To address this issue, this study proposes an enhanced version of the SPPF layer, termed E-SPPF. The E-SPPF layer utilizes multi-scale pooling kernels along with an attention mechanism, enhancing the efficiency of small-object feature extraction. By incorporating multi-scale pooling, the layer effectively captures features of objects at different scales, while the attention mechanism dynamically adjusts feature weights, enabling the model to focus on key features and suppress background noise. The structures of the original SPPF layer and the proposed E-SPPF layer are illustrated in figure 1.

Through the incorporation of multi-scale pooling, the E-SPPF layer captures a broader range of feature details across varying object scales. Simultaneously, the attention mechanism dynamically adjusts feature weights, emphasizing critical features while suppressing background noise. This synergy enables the model to preserve small-object features more effectively during feature integration, resulting in improved accuracy and robustness in object detection for aerial imagery.

3.1.1. Multi-Scale Pooling Kernels

Due to the varying target sizes and scales in aerial imagery, the single pooling kernel size used in the original SPPF model presents significant limitations. A single pooling size struggles to balance the fine-grained details of small objects with the broader context required for large objects, which severely constrains the model’s generalization capability and adaptability.

/word/media/image1.png

Figure 1: Structural diagram of the original SPPF layer(Left) and E-SPPF layer(Right).

To address this limitation, the proposed E-SPPF layer incorporates a multi-scale pooling kernel strategy. Specifically, three carefully selected pooling kernel sizes (3×3, 7×7, and 11×11) are utilized to construct a multi-dimensional feature extraction framework:

• 3×3 pooling kernel: Focuses on capturing fine-grained features of tiny targets. This is especially useful for aerial images, where many small targets require accurate feature extraction.

• 7×7 pooling kernel: Targets the extraction of contextual information for medium-sized objects, enriching the surrounding information to support accurate object recognition and localization.

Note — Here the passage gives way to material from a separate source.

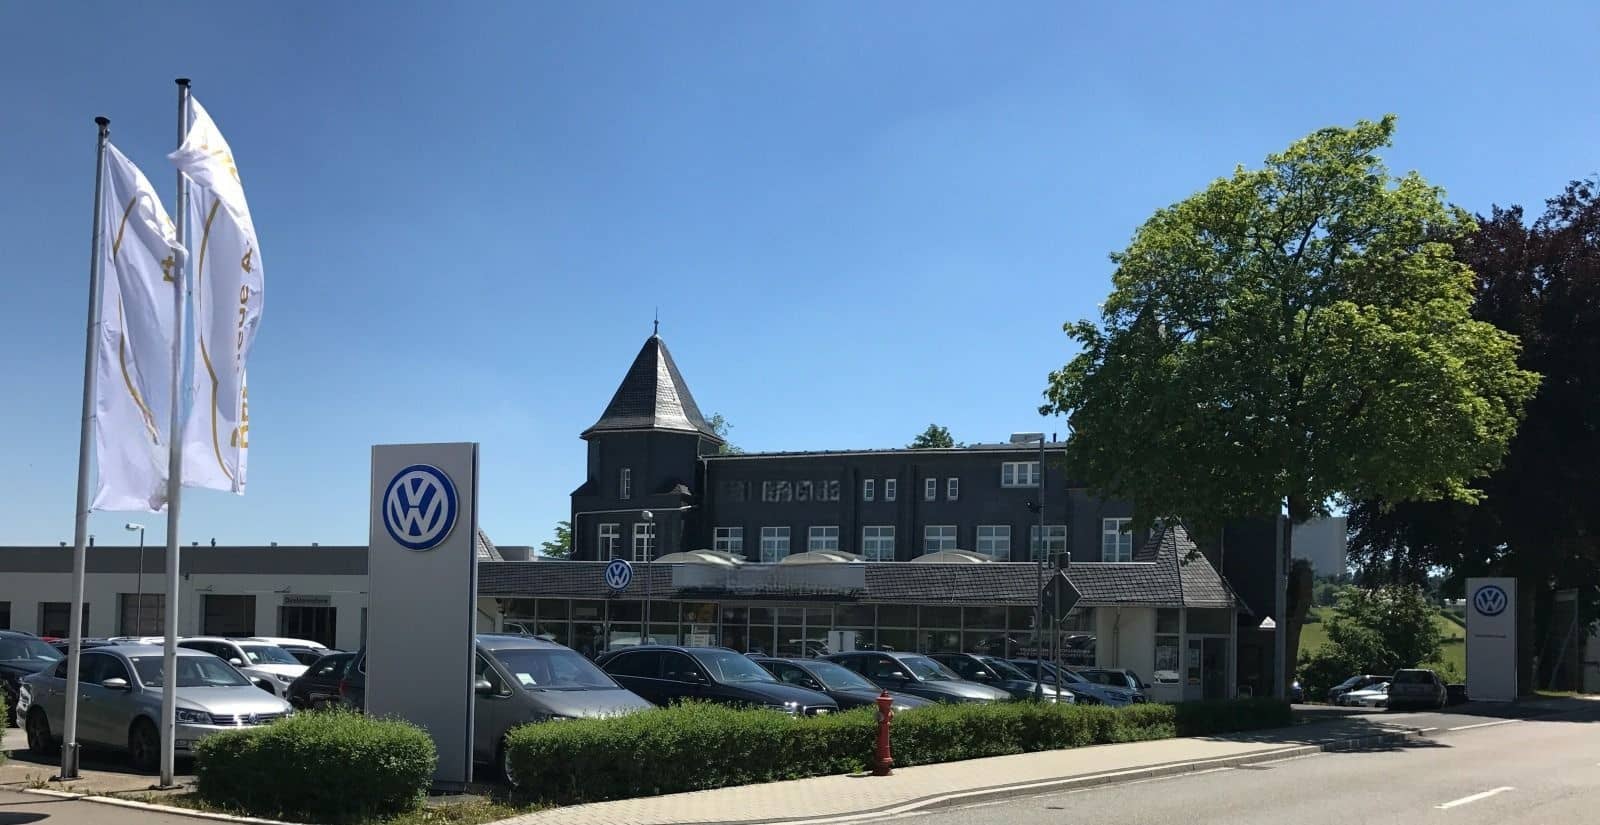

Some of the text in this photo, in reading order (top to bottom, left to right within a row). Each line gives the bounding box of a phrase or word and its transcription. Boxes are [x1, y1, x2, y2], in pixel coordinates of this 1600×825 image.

[386, 468, 452, 547] VW
[606, 561, 630, 589] VW
[1475, 587, 1506, 615] VW

• 11×11 pooling kernel: Primarily captures broad contextual information for large objects and backgrounds, helping the model understand the relationship between objects and their environment from a macro perspective.

This collaborative multi-scale pooling method allows the model to capture features from multiple layers and scales simultaneously. It notably increases the model’s detection range for various sizes of objects, while also boosting its sensitivity and accuracy, particularly for small-object features.

3.1.2. Attention Mechanism

Aerial imagery often features highly complex and variable backgrounds, with targets displaying diversity in shape, color, and size. These characteristics impose higher demands on the model's feature extraction and representation capabilities. To further enhance the model's feature extraction efficiency, adaptability, and performance in challenging detection settings, this research integrates a carefully designed attention mechanism into the E-SPPF layer. Figure 2 demonstrates the configuration of this component.

The attention module dynamically adjusts the weights of the feature representations, prioritizing key features while filtering out irrelevant noise. By integrating linear transformations, activation functions, convolutional operations, and normalization techniques, the mechanism effectively highlights important spatial regions, improving the model’s capacity to detect and accurately locate targets. This ensures reliable detection results even in complex backgrounds with multiple interferences.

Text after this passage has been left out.